━━ DATA EXTRACTS ━━

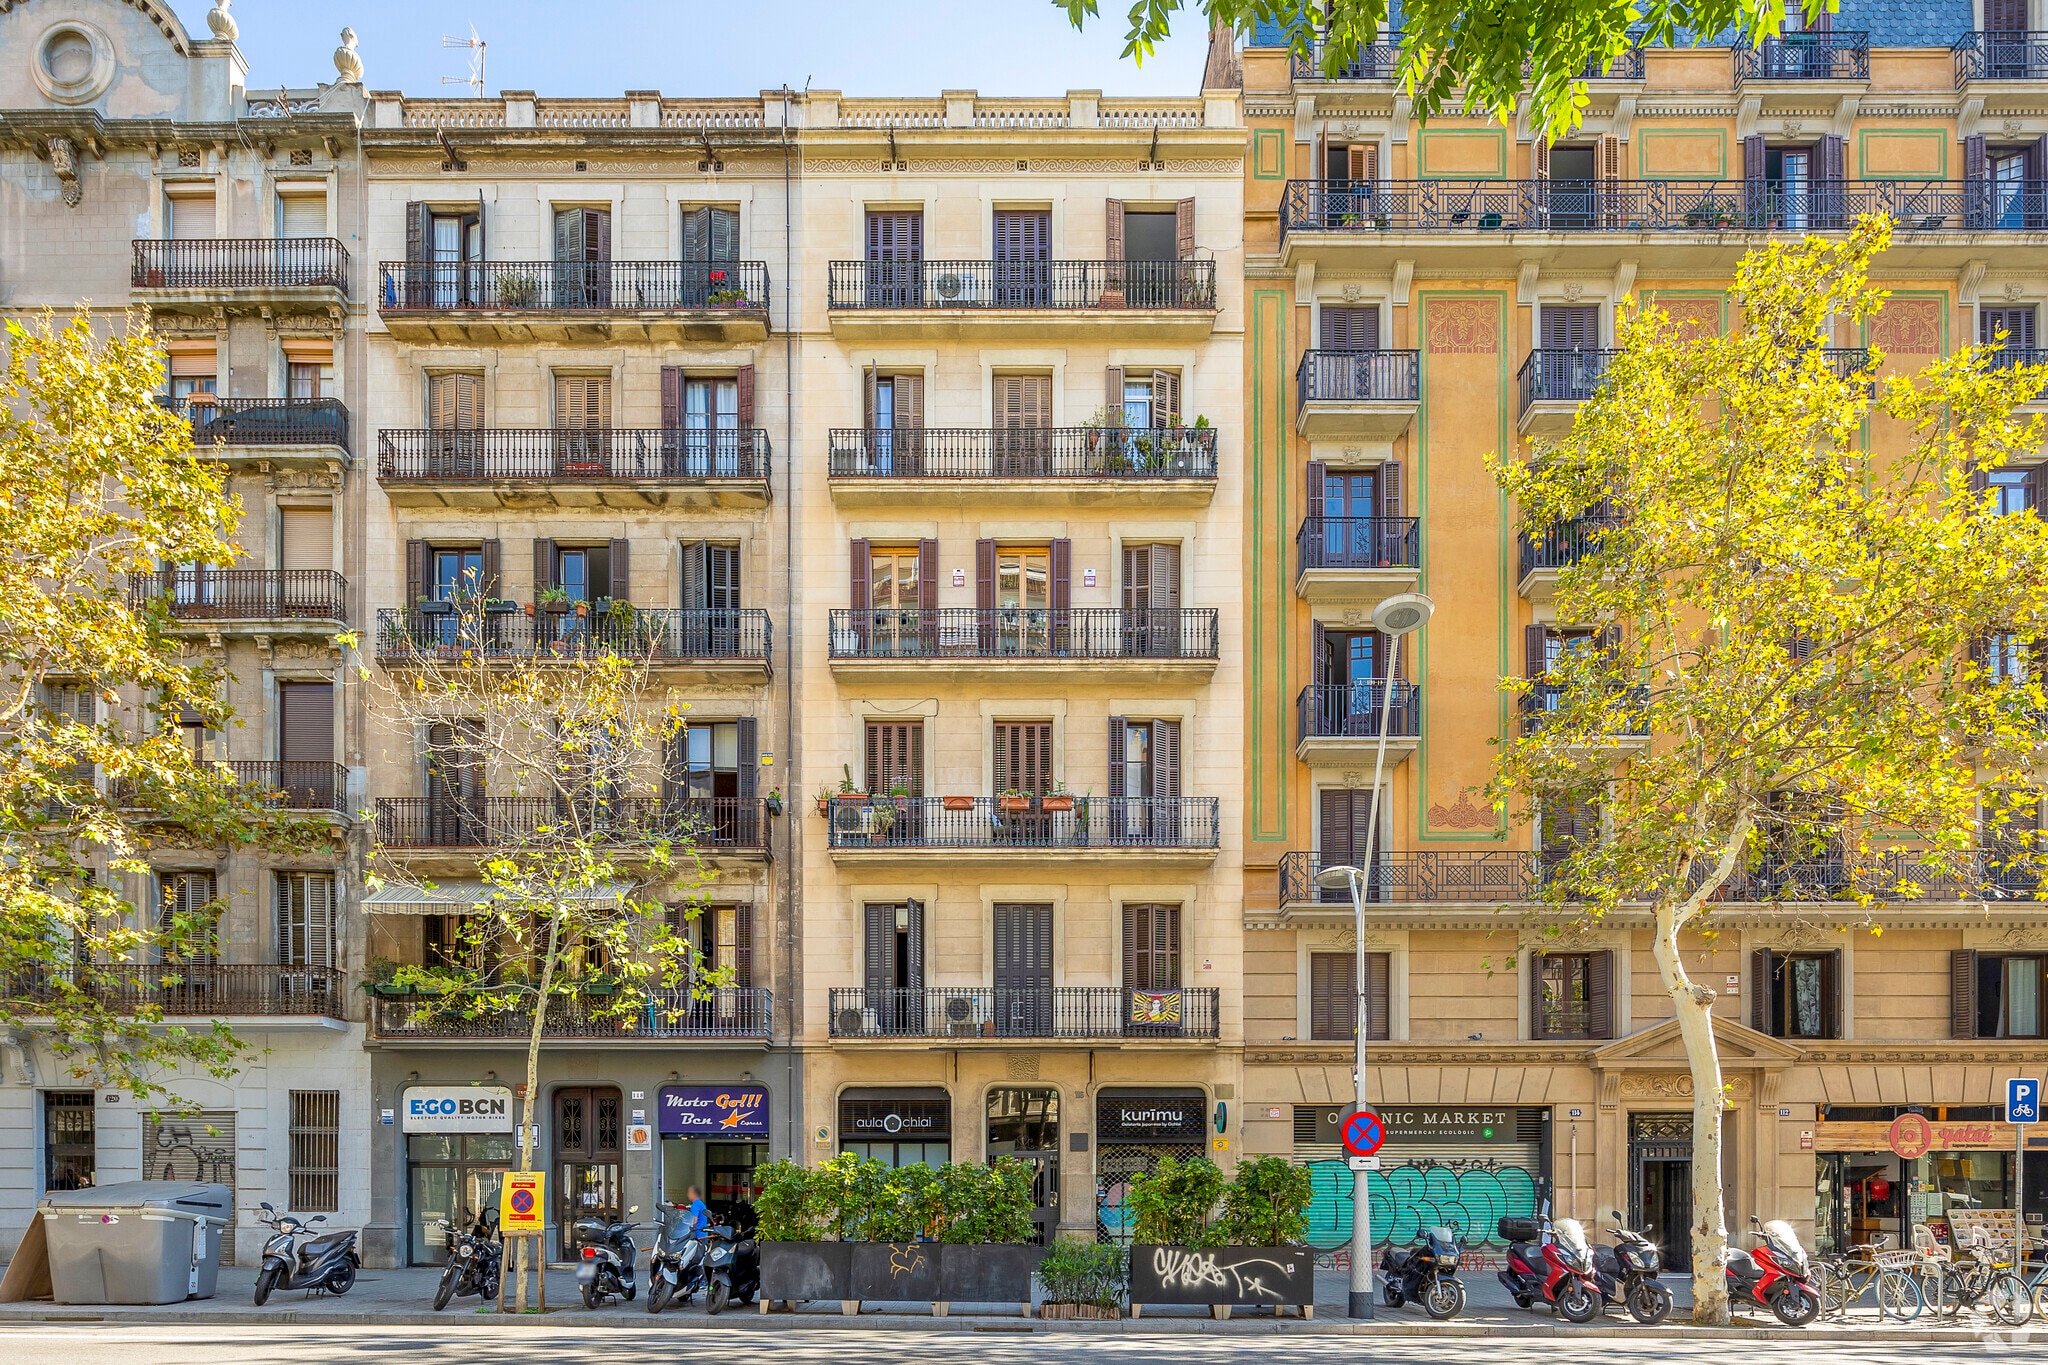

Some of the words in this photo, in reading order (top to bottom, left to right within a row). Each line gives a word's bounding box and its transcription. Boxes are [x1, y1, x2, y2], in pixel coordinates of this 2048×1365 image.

[665, 1094, 714, 1107] Moto
[715, 1093, 763, 1109] Go!!!
[2016, 1085, 2031, 1102] P
[459, 1099, 505, 1115] BCN
[680, 1112, 713, 1125] Bcn
[856, 1116, 883, 1128] aula
[1327, 1112, 1414, 1125] ONIC
[1423, 1112, 1506, 1124] MARKET
[1939, 1124, 1992, 1149] yatai

━━━

- **EXERCISE**:
Exact copy, pictures excluded: restate every record above word for word.

- **RESPONSE**:
Some of the words in this photo, in reading order (top to bottom, left to right within a row). Each line gives a word's bounding box and its transcription. Boxes are [x1, y1, x2, y2], in pixel coordinates of this 2048×1365 image.

[665, 1094, 714, 1107] Moto
[715, 1093, 763, 1109] Go!!!
[2016, 1085, 2031, 1102] P
[459, 1099, 505, 1115] BCN
[680, 1112, 713, 1125] Bcn
[856, 1116, 883, 1128] aula
[1327, 1112, 1414, 1125] ONIC
[1423, 1112, 1506, 1124] MARKET
[1939, 1124, 1992, 1149] yatai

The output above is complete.